Aim of the task: Set the listing down exactly; no pictures.

Records provided:
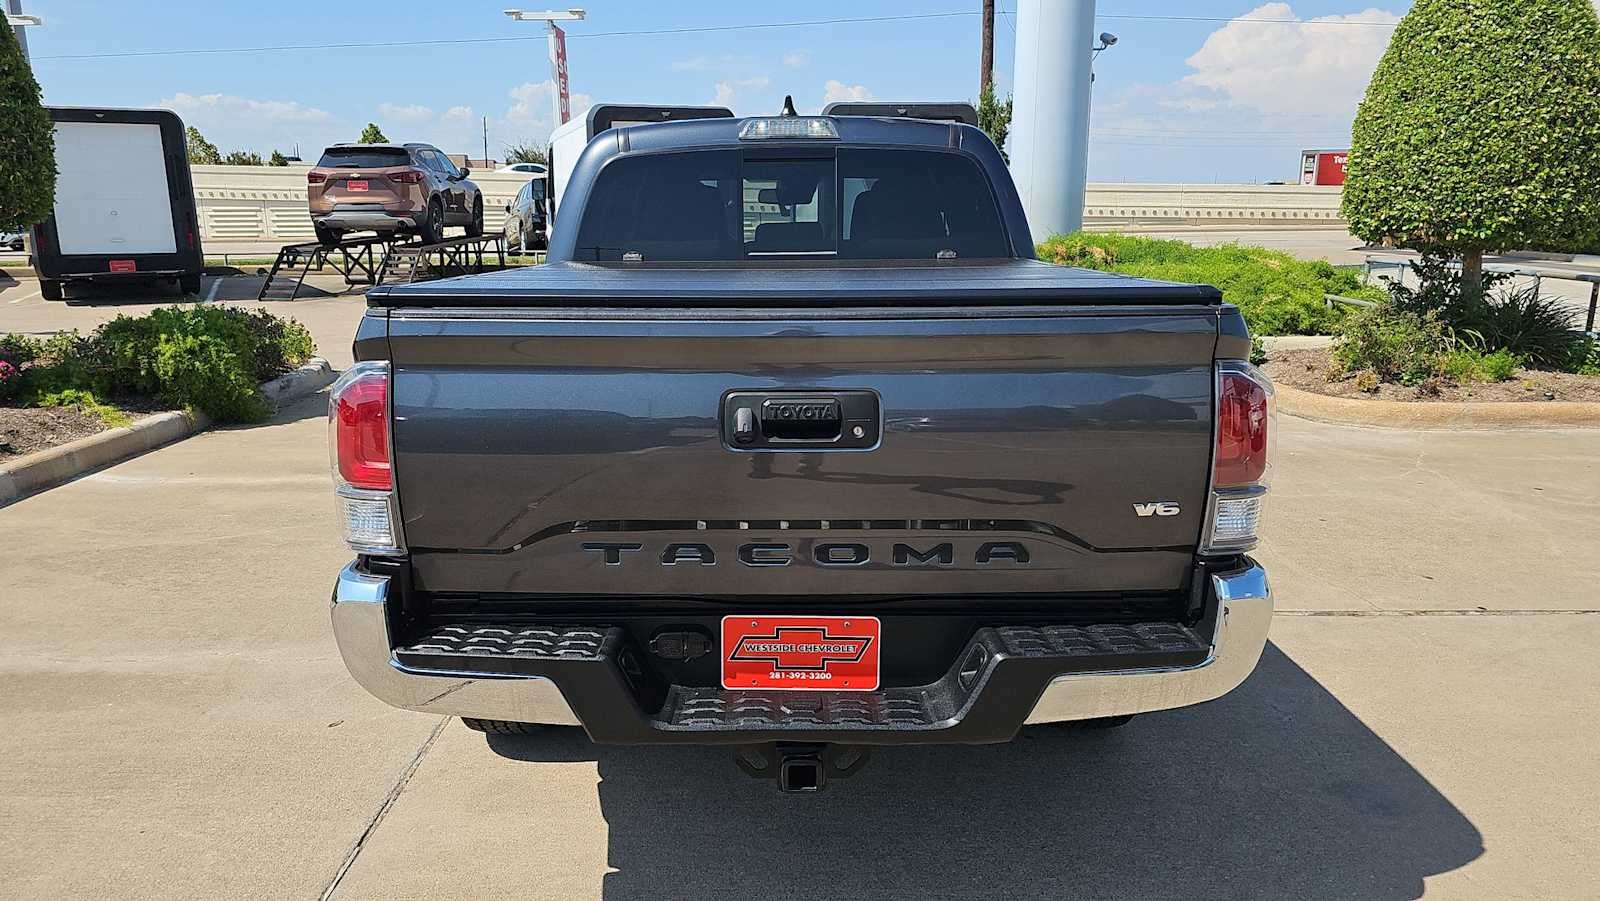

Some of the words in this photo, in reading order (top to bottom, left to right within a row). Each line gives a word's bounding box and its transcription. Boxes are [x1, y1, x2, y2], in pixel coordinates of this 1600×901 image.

[558, 38, 568, 112] USED
[767, 404, 838, 420] TOYOTA
[1132, 501, 1180, 517] V6
[581, 542, 1030, 567] TACOMA
[744, 643, 795, 653] WESTSIDE
[798, 643, 857, 654] CHEVROLET
[769, 671, 832, 680] 281-392-3200

Reply:
Some of the words in this photo, in reading order (top to bottom, left to right within a row). Each line gives a word's bounding box and its transcription. Boxes are [x1, y1, x2, y2], in pixel coordinates of this 1600×901 image.

[558, 38, 568, 112] USED
[767, 404, 838, 420] TOYOTA
[1132, 501, 1180, 517] V6
[581, 542, 1030, 567] TACOMA
[744, 643, 795, 653] WESTSIDE
[798, 643, 857, 654] CHEVROLET
[769, 671, 832, 680] 281-392-3200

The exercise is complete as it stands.